INPUT DATA section start

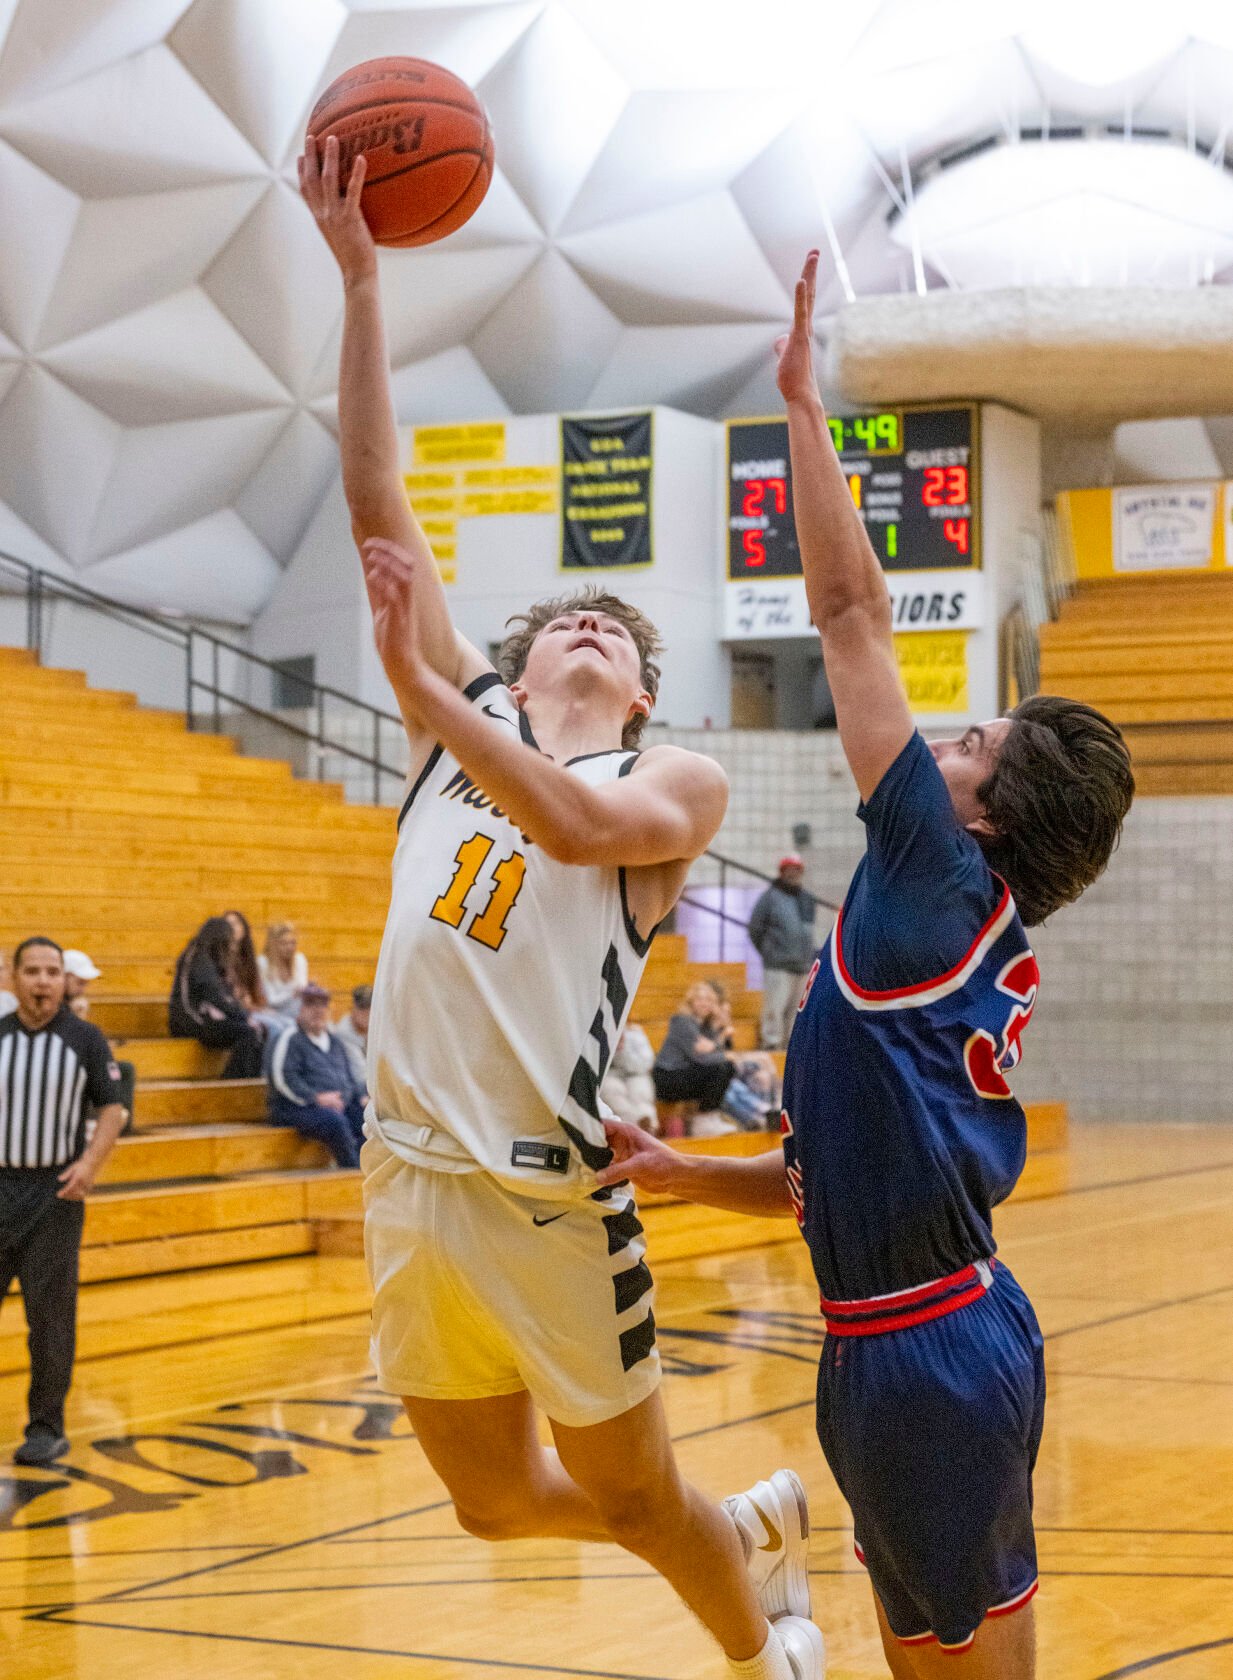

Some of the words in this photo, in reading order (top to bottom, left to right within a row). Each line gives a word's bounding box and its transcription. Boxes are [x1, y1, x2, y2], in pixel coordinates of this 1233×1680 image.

[732, 459, 786, 480] HOME
[905, 447, 969, 470] GUEST
[743, 478, 786, 517] 27
[922, 466, 968, 507] 23
[743, 529, 766, 566] 5
[886, 524, 897, 557] 1
[943, 518, 968, 554] 4
[889, 590, 966, 623] IORS
[429, 831, 526, 952] 11

INPUT DATA section end

**DESCRIPTION OF THE TASK:**
The listing is to be repeated word for word, with all pictures omitted.

**EXERCISE RESPONSE:**
Some of the words in this photo, in reading order (top to bottom, left to right within a row). Each line gives a word's bounding box and its transcription. Boxes are [x1, y1, x2, y2], in pixel coordinates of this 1233×1680 image.

[732, 459, 786, 480] HOME
[905, 447, 969, 470] GUEST
[743, 478, 786, 517] 27
[922, 466, 968, 507] 23
[743, 529, 766, 566] 5
[886, 524, 897, 557] 1
[943, 518, 968, 554] 4
[889, 590, 966, 623] IORS
[429, 831, 526, 952] 11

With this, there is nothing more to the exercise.